All records below are to be transcribed exactly, with every picture left out.

**EXERCISE MATERIALS**

● ● ●

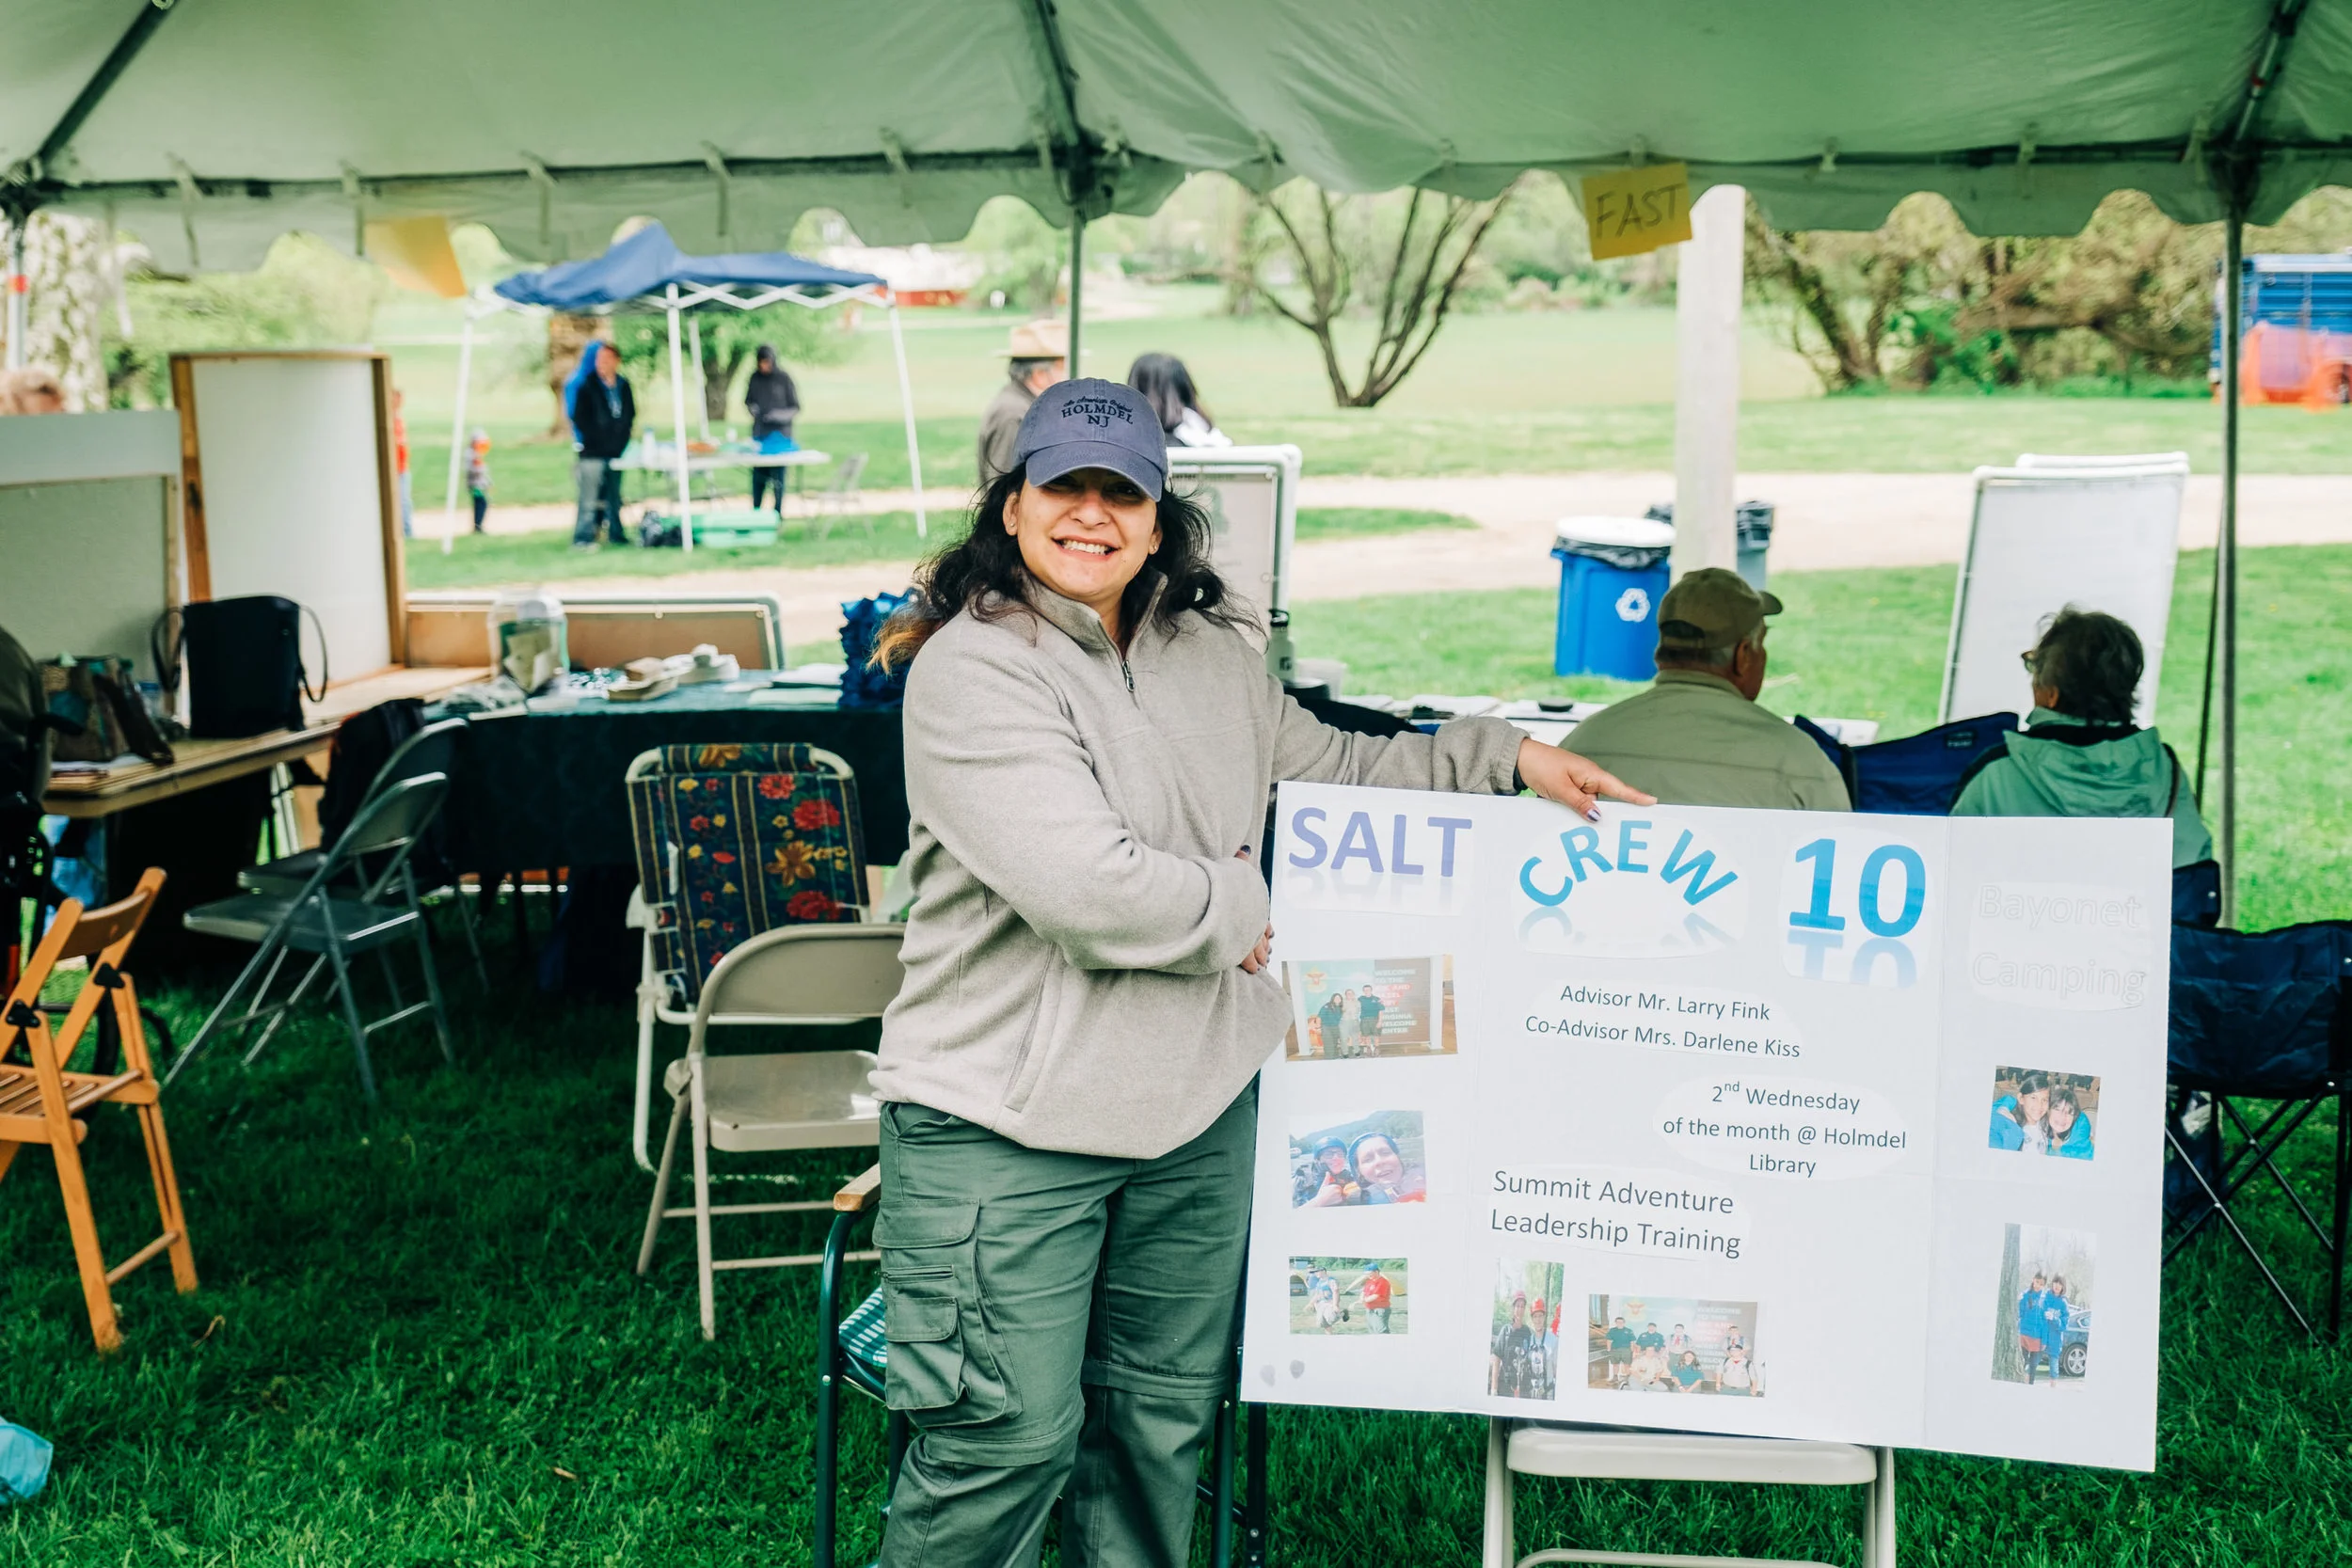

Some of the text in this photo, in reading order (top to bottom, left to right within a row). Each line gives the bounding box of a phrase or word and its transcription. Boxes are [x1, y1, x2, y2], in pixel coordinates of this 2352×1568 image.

[1597, 183, 1686, 238] FAST
[1061, 404, 1133, 425] HOLMDEL
[1087, 414, 1110, 427] NJ
[1289, 807, 1472, 877] SALT
[1519, 820, 1739, 906] CREW
[1789, 838, 1926, 937] 10
[1979, 885, 2141, 929] Bayonet
[1974, 952, 2146, 1006] Camping
[1560, 985, 1771, 1021] Advisor Mr. Larry Fink
[1525, 1015, 1801, 1058] Co-Advisor Mrs. Darlene Kiss
[1711, 1081, 1860, 1115] 2nd Wednesday
[1663, 1117, 1907, 1148] of the month @ Holmdel
[1749, 1153, 1817, 1179] Library
[1493, 1170, 1734, 1214] Summit Adventure
[1491, 1209, 1740, 1259] Leadership Training

● ● ●

**RESPONSE AREA**
Some of the text in this photo, in reading order (top to bottom, left to right within a row). Each line gives the bounding box of a phrase or word and its transcription. Boxes are [x1, y1, x2, y2], in pixel coordinates of this 2352×1568 image.

[1597, 183, 1686, 238] FAST
[1061, 404, 1133, 425] HOLMDEL
[1087, 414, 1110, 427] NJ
[1289, 807, 1472, 877] SALT
[1519, 820, 1739, 906] CREW
[1789, 838, 1926, 937] 10
[1979, 885, 2141, 929] Bayonet
[1974, 952, 2146, 1006] Camping
[1560, 985, 1771, 1021] Advisor Mr. Larry Fink
[1525, 1015, 1801, 1058] Co-Advisor Mrs. Darlene Kiss
[1711, 1081, 1860, 1115] 2nd Wednesday
[1663, 1117, 1907, 1148] of the month @ Holmdel
[1749, 1153, 1817, 1179] Library
[1493, 1170, 1734, 1214] Summit Adventure
[1491, 1209, 1740, 1259] Leadership Training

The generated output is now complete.